Fazit & Hinweise zum Einsatz von Preispsychologie im eCommerce

Die in der Artikelserie zur Preispsychologie im eCommerce vorgestellten psychologischen Effekte stellen übrigens nur um einen Bruchteil derer dar, die mit etwas Wissen und Geschick in den E-Commerce übertragen werden können, um dort für höhere Conversions und Conversionraten zu sorgen. Weitere psychologische Stellschrauben beschreibe ich in meinen kommenden Artikeln.
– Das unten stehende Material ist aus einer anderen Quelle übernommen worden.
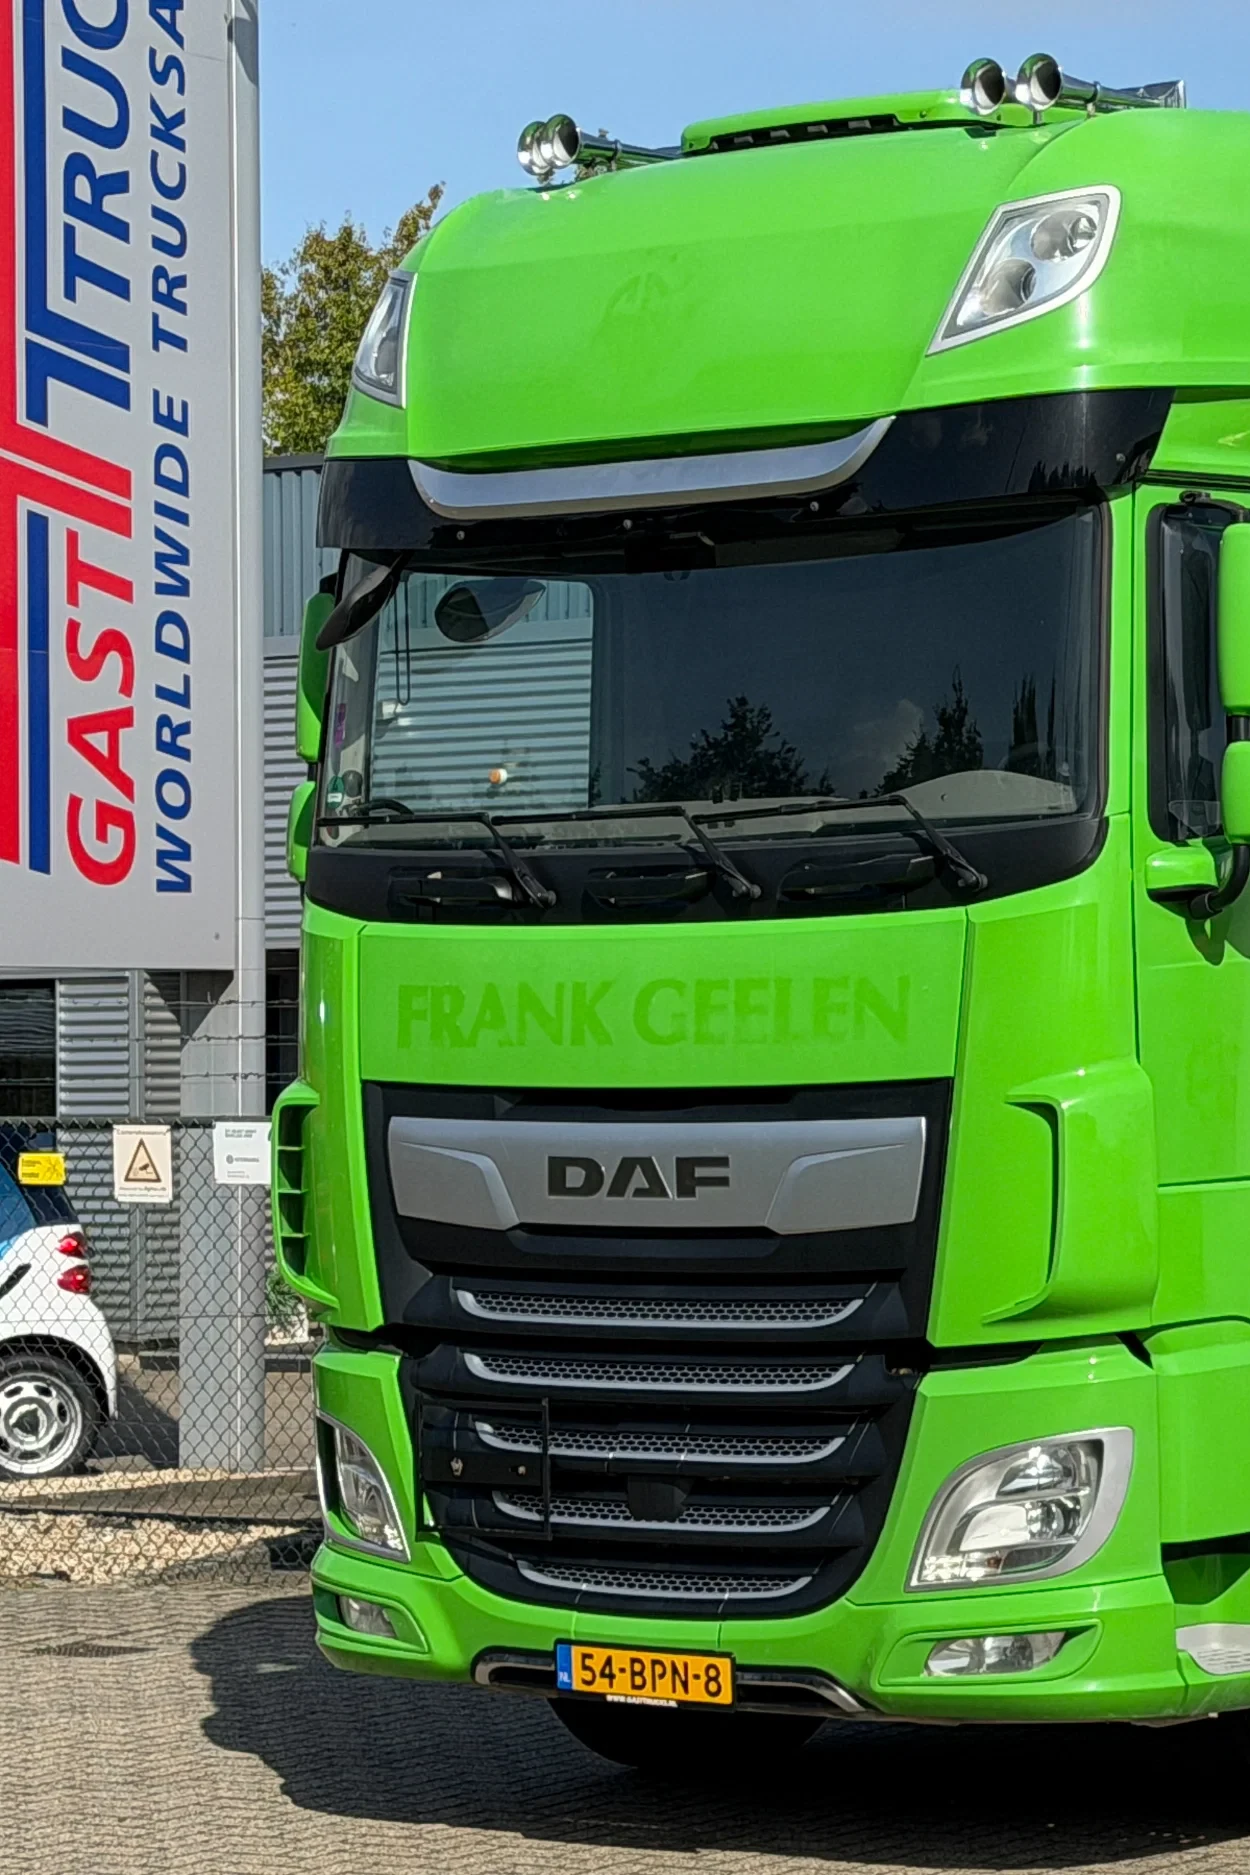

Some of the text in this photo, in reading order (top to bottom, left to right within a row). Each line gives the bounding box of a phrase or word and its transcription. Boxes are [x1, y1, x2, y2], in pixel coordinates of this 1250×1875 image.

[148, 0, 192, 892] WORLDWIDE TRUCKSA
[66, 528, 136, 886] GAST
[397, 974, 911, 1050] FRANK GEELEN
[547, 1155, 730, 1199] DAF
[580, 1652, 723, 1698] 54-BPN-8
Um nichts zu verpassen, kannst du die psyCommerce News abonnieren oder mir auf Facebook oder Twitter folgen.

Die bisher ausgewählten Methoden haben sich das Wissen um die psychologische Preiswahrnehmung zu Nutze gemacht: Mit kleinen und teilweise einfach umsetzbaren Tricks können Onlinehändler erreichen, dass ihre Kunden die Preise im Shop als günstiger einschätzen.

 

Aus dieser Wirkung ergeben sich gleich mehrere Vorteile:

Erstens kann es dabei helfen, einem unsicheren Kunden genau DIE fehlende Portion Sicherheit zu geben, die er braucht, um den Kauf abzuschließen.
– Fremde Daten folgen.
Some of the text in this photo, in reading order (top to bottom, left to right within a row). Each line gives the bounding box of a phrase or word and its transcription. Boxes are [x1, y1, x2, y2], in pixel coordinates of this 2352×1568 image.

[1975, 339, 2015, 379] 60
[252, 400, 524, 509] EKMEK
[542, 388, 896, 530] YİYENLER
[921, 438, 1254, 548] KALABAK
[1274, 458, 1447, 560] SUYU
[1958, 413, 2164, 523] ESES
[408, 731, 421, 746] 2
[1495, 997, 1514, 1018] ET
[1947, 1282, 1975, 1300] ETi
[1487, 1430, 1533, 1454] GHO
Zweitens kann ein günstig wirkender Preis bei einem Kunden, der sich ’nur mal umschauen will‘ einen akuten Kaufwunsch auslösen und ihn dazu motivieren, spontan doch einen Kauf zu tätigen.

Drittens (und „Wichtigstens“) ist die gezielte Beeinflussung der Preiswahrnehmung eine der wenigen Methoden, mit denen ein Onlinehändler sich dem im eCommerce wütenden Preiskampf entziehen kann. Denn spätestens, wenn ein Kunde den Weg in den eigenen Onlineshop gefunden und sich ein tolles Produkt ausgesucht hat, sollte doch unbedingt verhindert werden, dass er seine Recherche im nächstbesten Vergleichsportal (oder bei Amazon) weiterführt. Die vorgestellten Tipps und Tricks setzen genau hier an: Sie mildern den Drang nach Preisvergleich, bestärken den Kunden in seiner Kaufentscheidung und führen ihn hoffentlich ohne weitere Umwege über Preisvergleichsportale zum Kauf – damit der alles entscheidende ‚Jetzt kaufen‘-Klick im eigenen Onlineshop bleibt!

 

Setze Preispsychologie ein – aber überwache die Folgen

Die Umsetzung preispychologischer Tipps im eigenen Onlineshop sollte idealderweise durch A/B-Tests begleitet werden. Hintergrund für diese Empfehlung ist, dass die genannten Faktoren nie isoliert wirken und daher speziell in Verbindung mit deinem individuellen Shop-Umfeld (Design, Produktsortiment, Shop-Software, etc.) und Eigenheiten der Kunden betrachtet werden müssen, um kein böses Erwachen zu erleben.